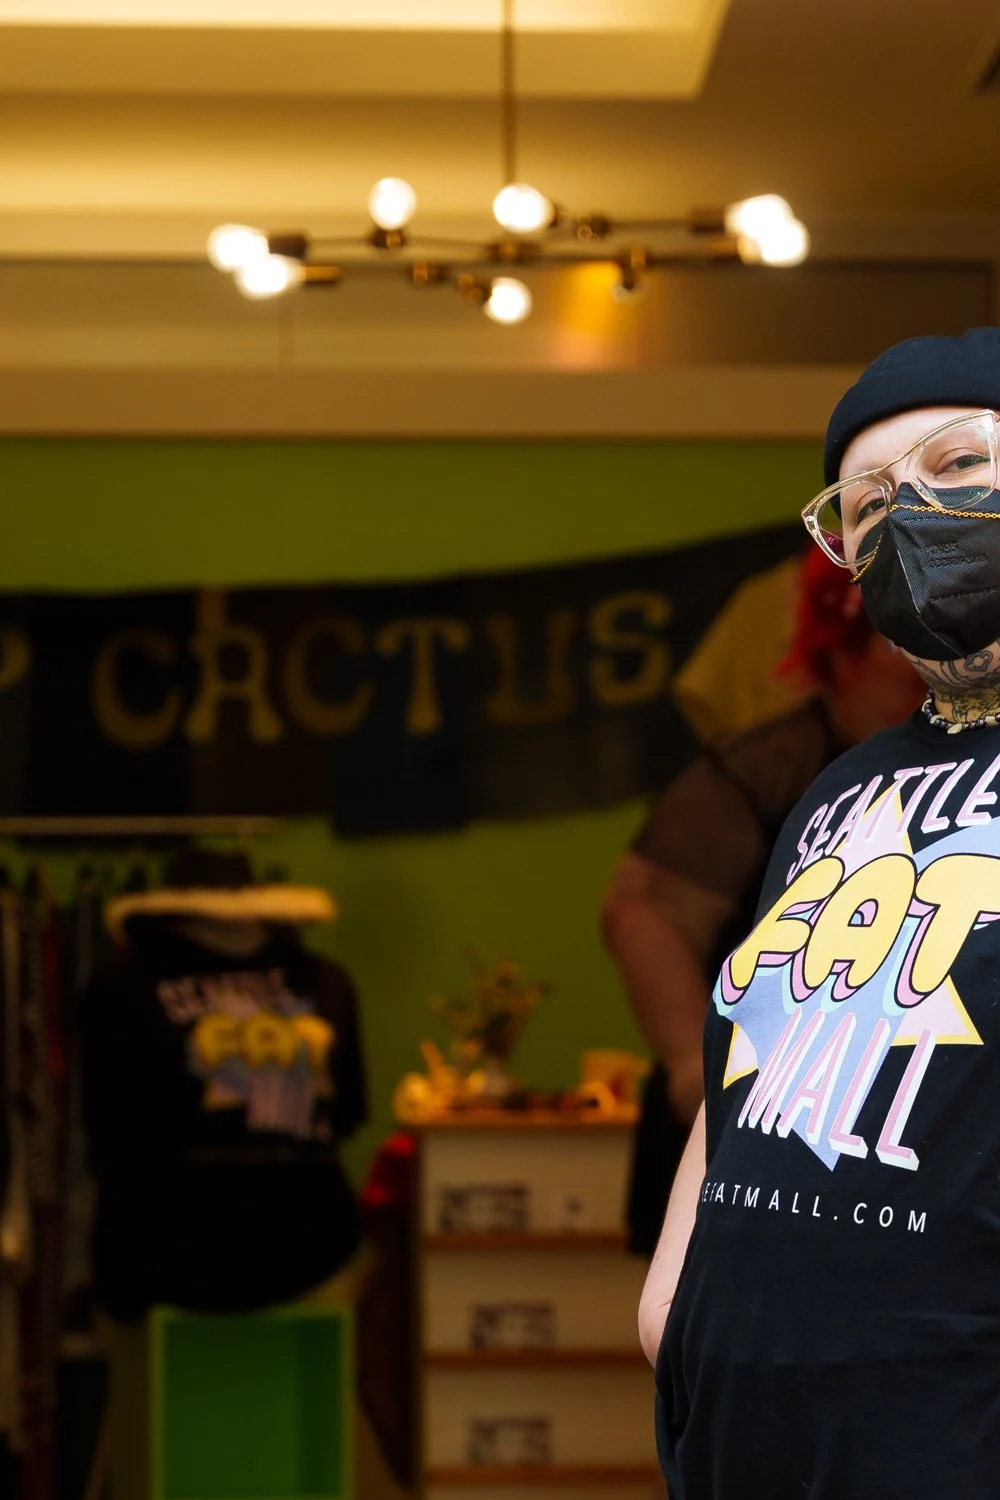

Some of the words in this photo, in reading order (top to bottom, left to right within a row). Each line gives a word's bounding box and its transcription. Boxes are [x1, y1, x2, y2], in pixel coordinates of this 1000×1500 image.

[90, 588, 673, 750] CACTUS
[737, 1006, 920, 1171] MALL
[702, 1181, 927, 1233] EFATMALL.COM
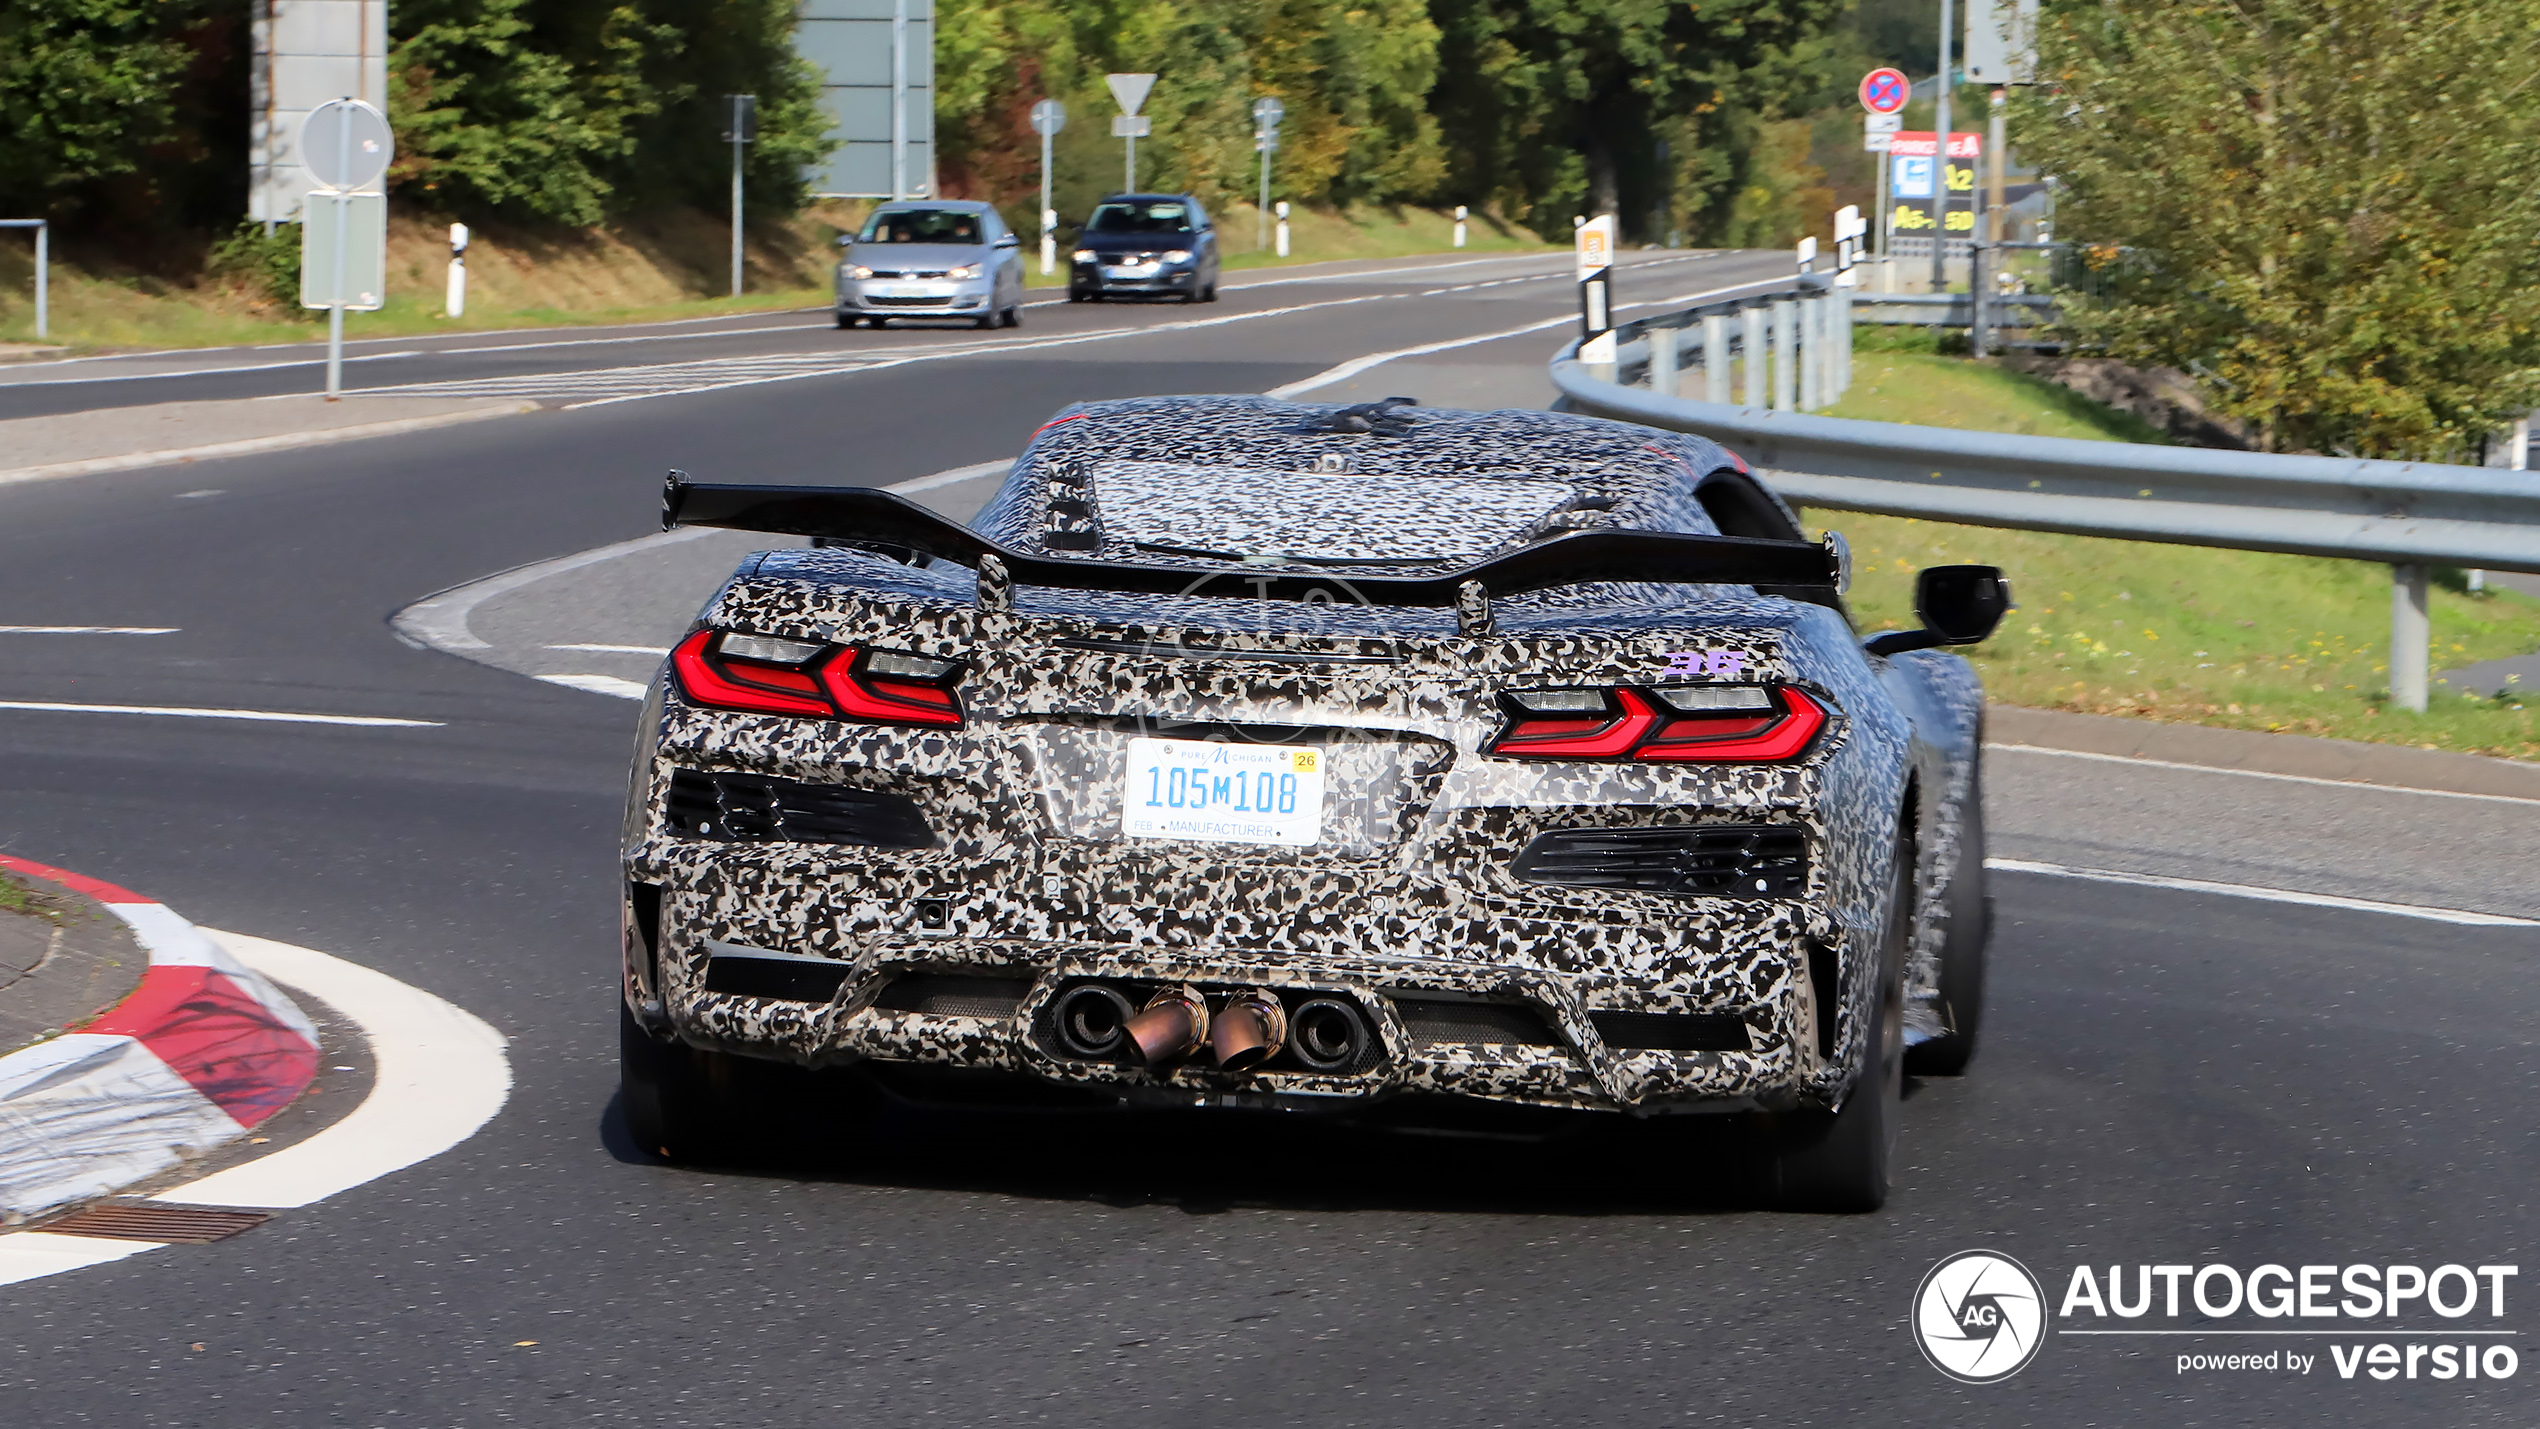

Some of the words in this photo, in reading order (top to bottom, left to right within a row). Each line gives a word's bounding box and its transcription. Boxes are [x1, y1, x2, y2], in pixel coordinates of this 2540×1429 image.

[1181, 751, 1207, 760] PURE
[1298, 755, 1315, 766] 26
[1146, 766, 1297, 814] 105M108
[1134, 820, 1153, 831] FEB
[1169, 820, 1273, 838] MANUFACTURER
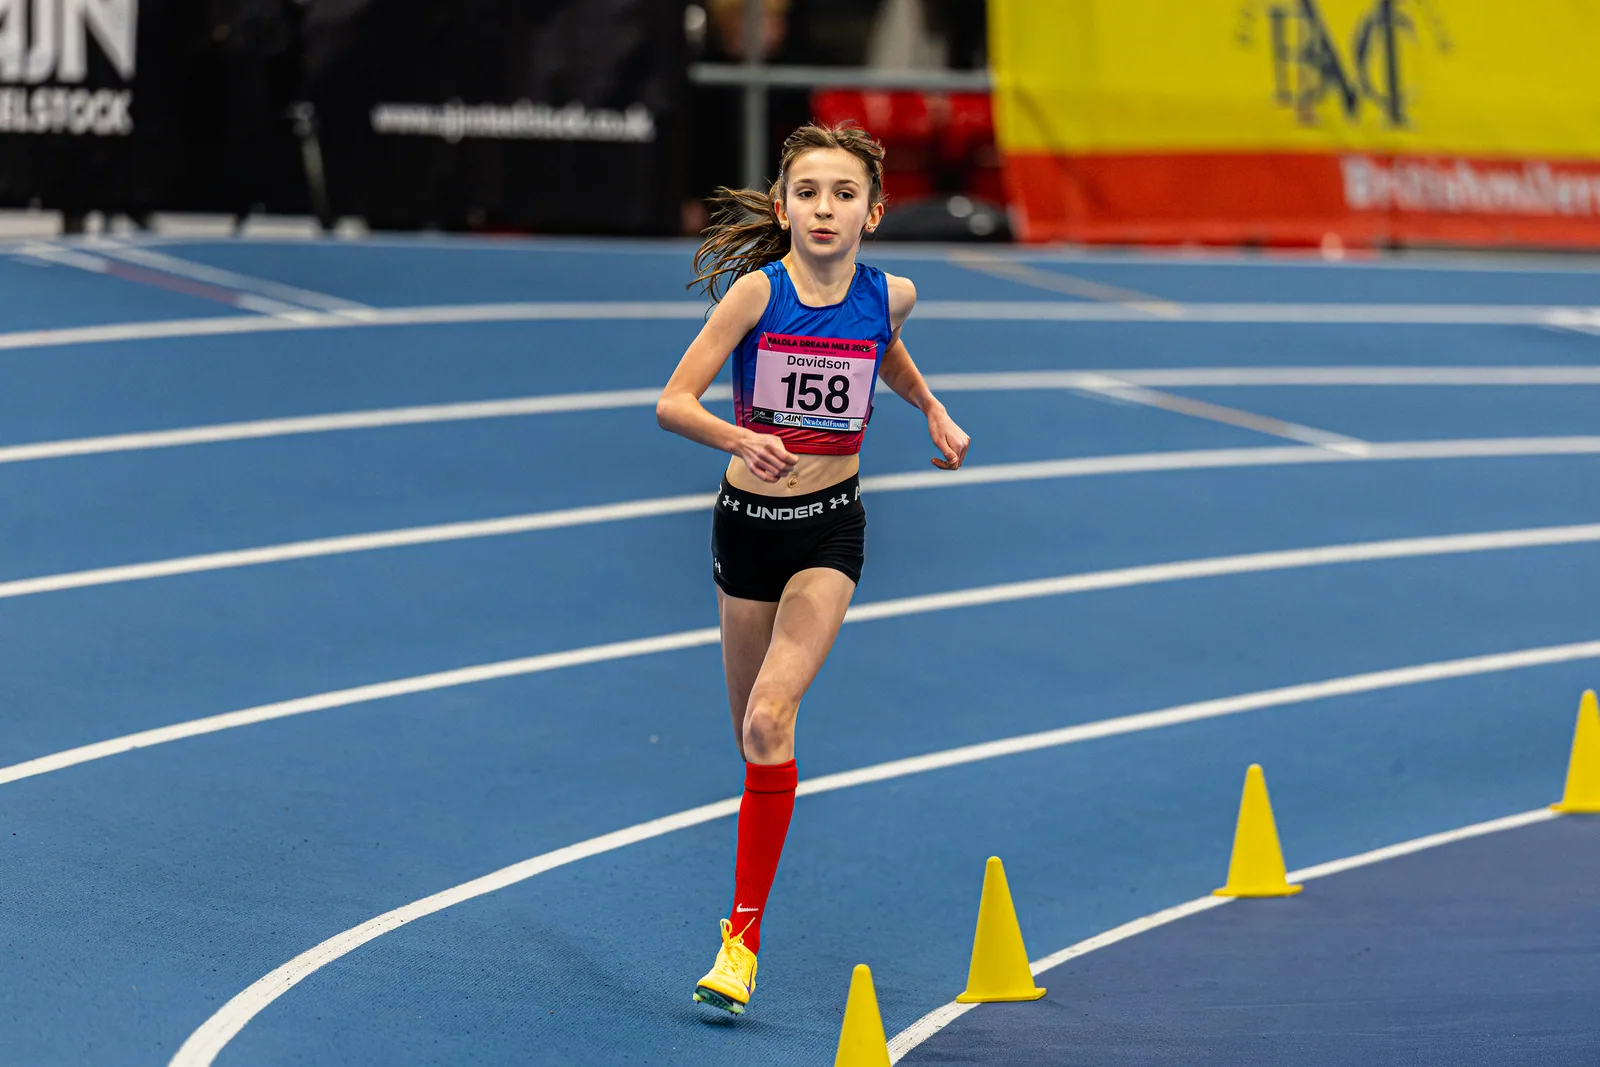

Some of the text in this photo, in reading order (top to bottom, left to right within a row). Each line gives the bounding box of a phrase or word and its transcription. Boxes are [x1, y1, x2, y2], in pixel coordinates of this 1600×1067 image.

[800, 340, 829, 349] DREAM
[831, 342, 849, 351] MILE
[787, 355, 850, 370] Davidson
[781, 372, 850, 414] 158
[746, 502, 824, 520] UNDER

#### [PROBLEM TO SOLVE]
In the copy, include every record exactly and no pictures at all.

#### [WRITTEN ANSWER]
Some of the words in this photo, in reading order (top to bottom, left to right within a row). Each line gives a word's bounding box and its transcription. Boxes are [x1, y1, x2, y2], in pixel coordinates of this 1000×1500 image.

[90, 588, 673, 750] CACTUS
[737, 1006, 920, 1171] MALL
[702, 1181, 927, 1233] EFATMALL.COM

Some of the words in this photo, in reading order (top to bottom, left to right within a row). Each line gives a word's bounding box and its transcription. Boxes are [x1, y1, x2, y2], in pixel coordinates of this 2540×1429 image.

[1181, 751, 1207, 760] PURE
[1298, 755, 1315, 766] 26
[1146, 766, 1297, 814] 105M108
[1134, 820, 1153, 831] FEB
[1169, 820, 1273, 838] MANUFACTURER

Some of the text in this photo, in reading order (top to bottom, left to right within a row). Each line gives the bounding box of a phrase or word and its transcription. Boxes are [x1, y1, x2, y2], in pixel coordinates of this 1600×1067 image.

[800, 340, 829, 349] DREAM
[831, 342, 849, 351] MILE
[787, 355, 850, 370] Davidson
[781, 372, 850, 414] 158
[746, 502, 824, 520] UNDER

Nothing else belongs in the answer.